#### Information supplied ####
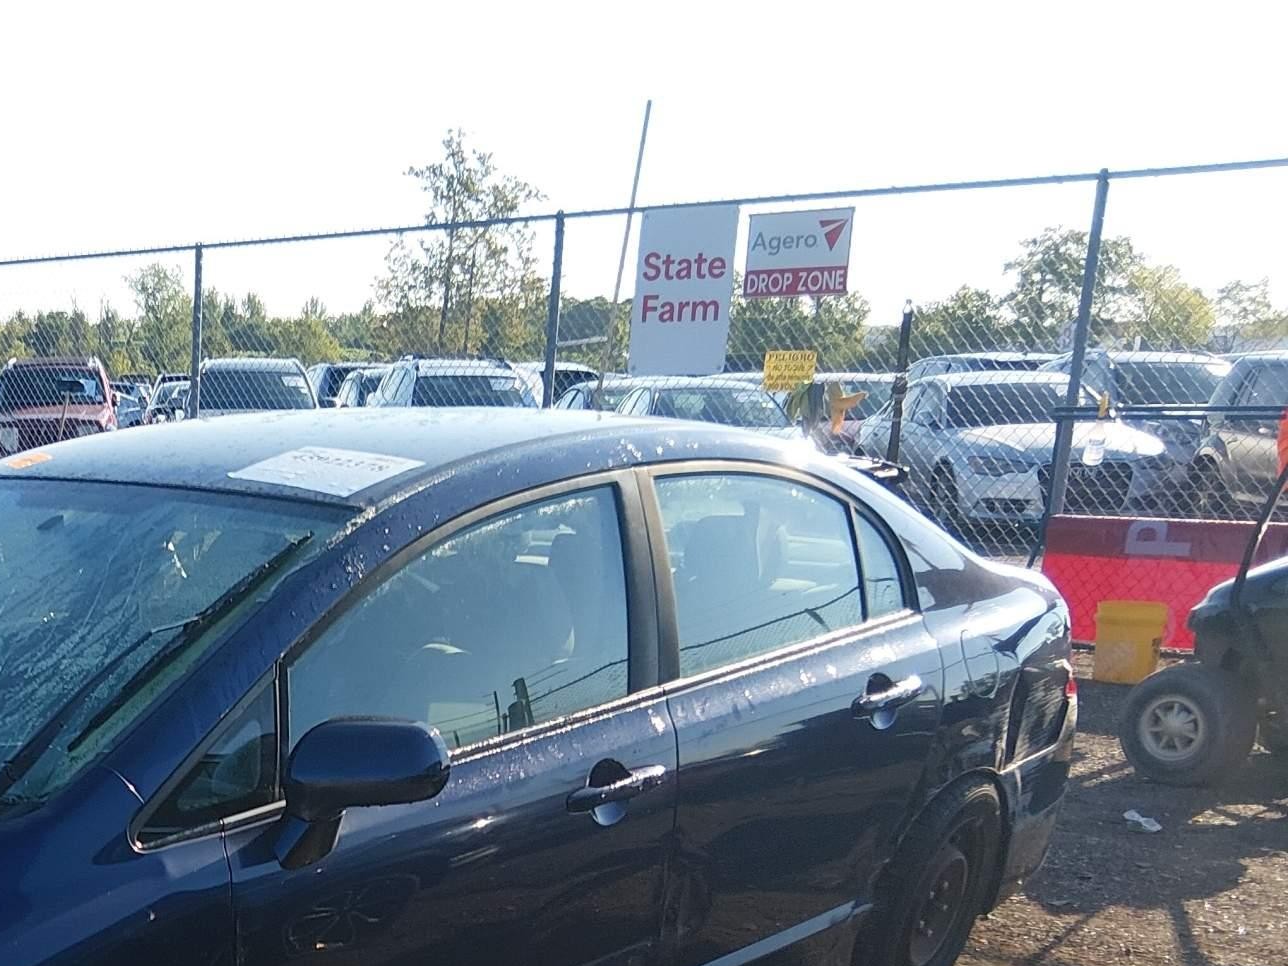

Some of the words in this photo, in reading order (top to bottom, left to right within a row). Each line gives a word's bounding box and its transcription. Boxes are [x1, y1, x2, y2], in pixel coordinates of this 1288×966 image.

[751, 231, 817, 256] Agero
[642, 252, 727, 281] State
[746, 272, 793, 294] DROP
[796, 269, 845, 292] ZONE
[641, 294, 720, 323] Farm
####
Try it.
What you output should match the records line for line, minus the pictures.

Written reply.
Some of the words in this photo, in reading order (top to bottom, left to right within a row). Each line gives a word's bounding box and its transcription. Boxes are [x1, y1, x2, y2], in pixel coordinates of this 1288×966 image.

[751, 231, 817, 256] Agero
[642, 252, 727, 281] State
[746, 272, 793, 294] DROP
[796, 269, 845, 292] ZONE
[641, 294, 720, 323] Farm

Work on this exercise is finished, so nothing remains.